It is the perfidy and lawless ambition of the Italian monarchy which have brought the French back to Rome. If this be regarded as a misfortune—as, no doubt, in a certain sense it is, for a foreign occupation always gives rise to an abnormal condition, whose evils are great and whose effects often prove lasting—to whom does the guilt attach? Not to the Holy Father, not to the Romans, who have turned a deaf ear to the whispers of treason, although their temptation was not great when we take into account the present state and prospects of the monarchy! But there is no need for us to indulge in sinister prognostications. Even had the Italian forces stationed on the line, where they neither protected the papal territory nor indicated the good faith of their own government, really prevented the invasion, the crisis must have come sooner or later. It was unavoidable from the very nature of the relations between the two neighbors. But it is extraordinary that the party who is alone to blame for it should claim as a reward to be released from the obligations contracted by the September convention. We cannot bring ourselves to believe for a moment that the recent outrage will result to the advantage of its authors and abettors. In the sense of the parliamentary resolutions passed at Turin and Florence, the solution of the Roman problem means nothing less than the destruction of the papal rights, and the spoliation and the oppression of the church. It will be well to bear this fact distinctly in mind. The new monarchy has unmistakably shown how it means to respect its most solemn obligations and the vested rights of others; and, above all, it has shown how it would like to treat the head of the church. And this Italy dares to demand that the gate of the papacy should be intrusted to her safe-keeping? Were it possible to obliterate the whole history of the last eight years from men's recollection, the occurrences of the last few months would alone suffice to warn Christendom against listening to such a proposition. The Roman Catholic community will hardly feel disposed to see Victor Emmanuel the intestate heir of Garibaldi at Rome, as it has seen him once before at Naples.

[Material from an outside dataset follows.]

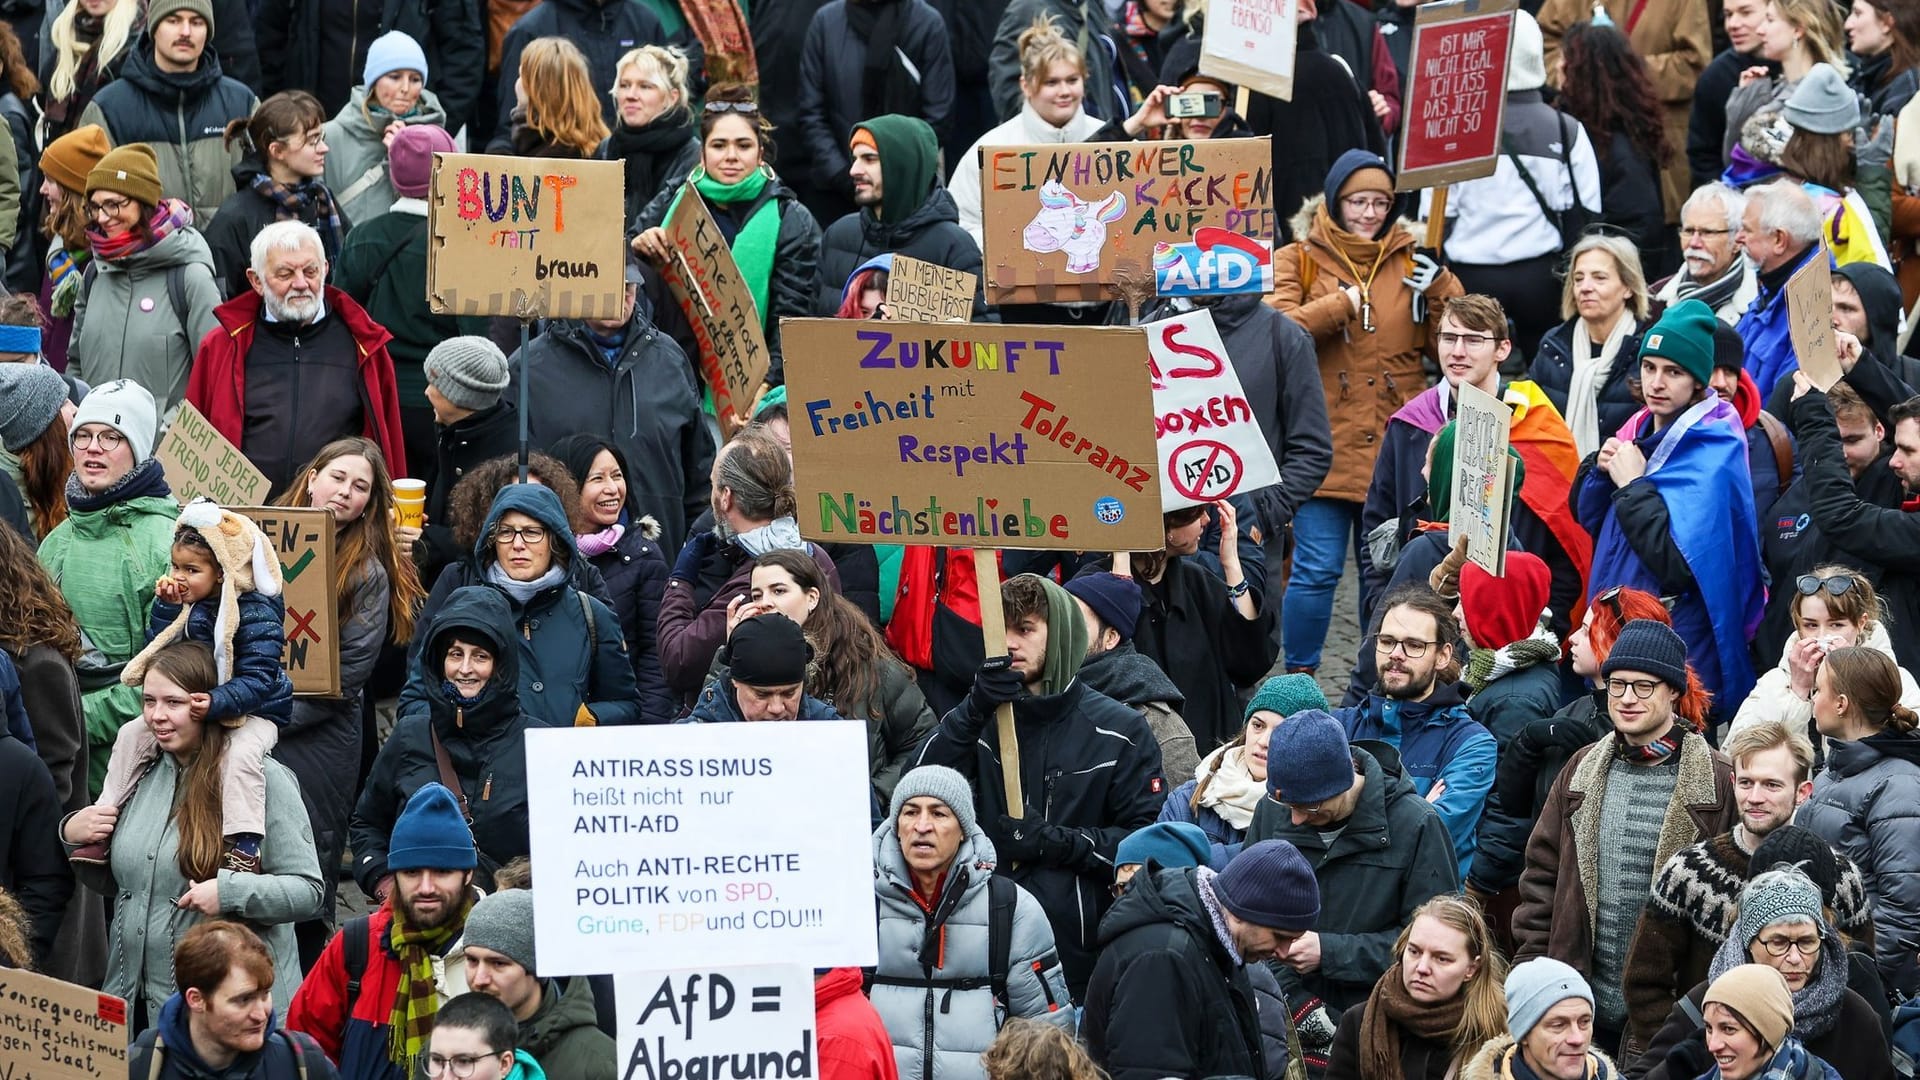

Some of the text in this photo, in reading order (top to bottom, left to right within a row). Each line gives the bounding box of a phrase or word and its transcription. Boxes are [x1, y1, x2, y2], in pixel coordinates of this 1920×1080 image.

The Roman problem requires, no doubt, a solution, for the French are merely a momentary expedient. The subject is one that interests the whole world, and which demands a settlement that will not again expose the supreme pontiff to the danger of being besieged at the Vatican, as was his handful of defenders in the Bicoque Monte Rotondo, where they fought one against ten. We shall not even touch here upon the claims of the pope as a mere temporal ruler, and the most ancient on earth at that. Our religious sentiment rebels against dragging a question whose two component elements are indivisible into the narrow sphere of politics, and still more into the sphere of revolutionary politics which has made the nationality idea its god. The Catholic sentiment resents the base suggestion of peril to the independence of the church and its head. It cannot conceive a popedom like the one to which the Byzantine exarchs have been reduced. It wants no repetition of a Greek patriarchate among Greeks and Turks. This is a question which concerns the entire civilized Christian world, and not the Roman Catholic powers alone. The royal speech from the throne to the North German Diet contained a passage alluding to the important interests which Germany and Italy are supposed to hold in common, and the chances of Prussia's support in the case of a war with France about Rome have, no doubt, entered largely into the calculations of the Florence cabinet. But Prussia alone has over eight millions of Roman Catholic subjects, who will never consent to the total destruction of the foundation on which the independence of their church rests, and who will therefore oppose every attempt to rob the pope of his temporality. Such, at least, is the inference which we are warranted in drawing from the spirit displayed during the last month in Germany, and especially at the Mainz meeting, where two thousand leading Catholics from all parts of the country discussed the dangers of the church state. The following are the resolutions which were passed unanimously on that occasion:
"1. Divine Providence has made the successor of St. Peter the sovereign of the Roman church state, and raised him above all mere national interests, that he might be the subject of no political power, but manage the religious affairs of all Christian nations in perfect independence. This sovereign right, conferred by God and confirmed by more than ten centuries possession, is neither to be surrendered by the Catholic Church, nor to be taken away from it by diplomatic treaties or a revolutionary popular vote. The arbitrary and chimerical scheme to make Rome the capital of Italy can never be considered in comparison with the rights and interests of Catholic Christendom.
2. The assertion that the pope, as a priest, is unfit to be the head of a political government, and therefore unable to promote the temporal welfare of his subjects, is an untruth sufficiently refuted by the history of a thousand years. The maintenance and restoration of the pope's political authority in its original integrity is the only means to save Italy from the demoralization which threatens her from the secret societies and King Victor Emmanuel's policy. To have the Holy Father in her midst constitutes to-day, as it has during her whole Christian past, the highest honor, the true greatness, and the blessing of Italy.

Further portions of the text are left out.